§ Required work:
Could the data underneath be repeated exactly, in full?

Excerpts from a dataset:
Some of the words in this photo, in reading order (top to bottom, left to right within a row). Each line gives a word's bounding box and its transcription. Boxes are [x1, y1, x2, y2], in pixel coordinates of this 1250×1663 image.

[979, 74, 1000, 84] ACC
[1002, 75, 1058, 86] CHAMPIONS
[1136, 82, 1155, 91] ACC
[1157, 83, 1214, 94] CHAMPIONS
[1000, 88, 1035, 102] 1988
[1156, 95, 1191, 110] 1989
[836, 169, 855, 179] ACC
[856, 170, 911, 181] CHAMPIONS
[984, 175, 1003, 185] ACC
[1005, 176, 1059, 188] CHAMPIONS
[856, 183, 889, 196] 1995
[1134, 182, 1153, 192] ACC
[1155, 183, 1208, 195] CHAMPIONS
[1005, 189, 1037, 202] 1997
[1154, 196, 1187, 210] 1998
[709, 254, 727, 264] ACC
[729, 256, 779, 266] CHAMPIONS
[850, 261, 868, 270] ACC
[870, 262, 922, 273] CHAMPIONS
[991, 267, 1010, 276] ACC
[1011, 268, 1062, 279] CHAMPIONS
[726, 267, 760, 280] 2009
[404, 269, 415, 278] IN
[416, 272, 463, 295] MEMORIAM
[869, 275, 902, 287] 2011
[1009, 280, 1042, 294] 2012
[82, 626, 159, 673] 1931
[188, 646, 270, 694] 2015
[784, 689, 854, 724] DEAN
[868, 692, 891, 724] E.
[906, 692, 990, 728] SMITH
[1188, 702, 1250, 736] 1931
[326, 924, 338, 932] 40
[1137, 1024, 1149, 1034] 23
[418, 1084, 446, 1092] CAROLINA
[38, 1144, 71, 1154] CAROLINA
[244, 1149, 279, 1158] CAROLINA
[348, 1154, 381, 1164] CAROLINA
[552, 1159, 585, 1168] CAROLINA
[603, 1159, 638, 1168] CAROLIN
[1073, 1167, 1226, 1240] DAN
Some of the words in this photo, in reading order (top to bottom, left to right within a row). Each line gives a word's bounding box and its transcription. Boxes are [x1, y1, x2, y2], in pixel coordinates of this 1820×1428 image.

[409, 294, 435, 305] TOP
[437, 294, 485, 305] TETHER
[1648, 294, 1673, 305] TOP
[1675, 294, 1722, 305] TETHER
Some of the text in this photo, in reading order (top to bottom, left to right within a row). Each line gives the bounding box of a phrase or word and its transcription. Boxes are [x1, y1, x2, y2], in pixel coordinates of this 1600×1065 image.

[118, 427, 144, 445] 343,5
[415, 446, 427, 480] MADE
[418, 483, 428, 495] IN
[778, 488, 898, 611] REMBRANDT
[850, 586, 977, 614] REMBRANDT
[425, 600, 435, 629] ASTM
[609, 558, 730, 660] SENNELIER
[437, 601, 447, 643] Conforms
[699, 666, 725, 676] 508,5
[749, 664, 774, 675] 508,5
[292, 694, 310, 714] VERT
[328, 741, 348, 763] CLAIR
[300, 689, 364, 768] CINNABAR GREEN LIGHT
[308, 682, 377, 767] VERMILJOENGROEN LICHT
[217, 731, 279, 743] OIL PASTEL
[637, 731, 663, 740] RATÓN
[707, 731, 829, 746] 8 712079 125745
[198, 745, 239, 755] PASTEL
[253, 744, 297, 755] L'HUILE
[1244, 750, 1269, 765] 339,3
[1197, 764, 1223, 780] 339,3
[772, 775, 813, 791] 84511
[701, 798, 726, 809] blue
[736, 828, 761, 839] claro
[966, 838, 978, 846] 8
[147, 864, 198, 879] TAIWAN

§ Exercise result:
Some of the words in this photo, in reading order (top to bottom, left to right within a row). Each line gives a word's bounding box and its transcription. Boxes are [x1, y1, x2, y2], in pixel coordinates of this 1250×1663 image.

[979, 74, 1000, 84] ACC
[1002, 75, 1058, 86] CHAMPIONS
[1136, 82, 1155, 91] ACC
[1157, 83, 1214, 94] CHAMPIONS
[1000, 88, 1035, 102] 1988
[1156, 95, 1191, 110] 1989
[836, 169, 855, 179] ACC
[856, 170, 911, 181] CHAMPIONS
[984, 175, 1003, 185] ACC
[1005, 176, 1059, 188] CHAMPIONS
[856, 183, 889, 196] 1995
[1134, 182, 1153, 192] ACC
[1155, 183, 1208, 195] CHAMPIONS
[1005, 189, 1037, 202] 1997
[1154, 196, 1187, 210] 1998
[709, 254, 727, 264] ACC
[729, 256, 779, 266] CHAMPIONS
[850, 261, 868, 270] ACC
[870, 262, 922, 273] CHAMPIONS
[991, 267, 1010, 276] ACC
[1011, 268, 1062, 279] CHAMPIONS
[726, 267, 760, 280] 2009
[404, 269, 415, 278] IN
[416, 272, 463, 295] MEMORIAM
[869, 275, 902, 287] 2011
[1009, 280, 1042, 294] 2012
[82, 626, 159, 673] 1931
[188, 646, 270, 694] 2015
[784, 689, 854, 724] DEAN
[868, 692, 891, 724] E.
[906, 692, 990, 728] SMITH
[1188, 702, 1250, 736] 1931
[326, 924, 338, 932] 40
[1137, 1024, 1149, 1034] 23
[418, 1084, 446, 1092] CAROLINA
[38, 1144, 71, 1154] CAROLINA
[244, 1149, 279, 1158] CAROLINA
[348, 1154, 381, 1164] CAROLINA
[552, 1159, 585, 1168] CAROLINA
[603, 1159, 638, 1168] CAROLIN
[1073, 1167, 1226, 1240] DAN
Some of the words in this photo, in reading order (top to bottom, left to right within a row). Each line gives a word's bounding box and its transcription. Boxes are [x1, y1, x2, y2], in pixel coordinates of this 1820×1428 image.

[409, 294, 435, 305] TOP
[437, 294, 485, 305] TETHER
[1648, 294, 1673, 305] TOP
[1675, 294, 1722, 305] TETHER
Some of the text in this photo, in reading order (top to bottom, left to right within a row). Each line gives the bounding box of a phrase or word and its transcription. Boxes are [x1, y1, x2, y2], in pixel coordinates of this 1600×1065 image.

[118, 427, 144, 445] 343,5
[415, 446, 427, 480] MADE
[418, 483, 428, 495] IN
[778, 488, 898, 611] REMBRANDT
[850, 586, 977, 614] REMBRANDT
[425, 600, 435, 629] ASTM
[609, 558, 730, 660] SENNELIER
[437, 601, 447, 643] Conforms
[699, 666, 725, 676] 508,5
[749, 664, 774, 675] 508,5
[292, 694, 310, 714] VERT
[328, 741, 348, 763] CLAIR
[300, 689, 364, 768] CINNABAR GREEN LIGHT
[308, 682, 377, 767] VERMILJOENGROEN LICHT
[217, 731, 279, 743] OIL PASTEL
[637, 731, 663, 740] RATÓN
[707, 731, 829, 746] 8 712079 125745
[198, 745, 239, 755] PASTEL
[253, 744, 297, 755] L'HUILE
[1244, 750, 1269, 765] 339,3
[1197, 764, 1223, 780] 339,3
[772, 775, 813, 791] 84511
[701, 798, 726, 809] blue
[736, 828, 761, 839] claro
[966, 838, 978, 846] 8
[147, 864, 198, 879] TAIWAN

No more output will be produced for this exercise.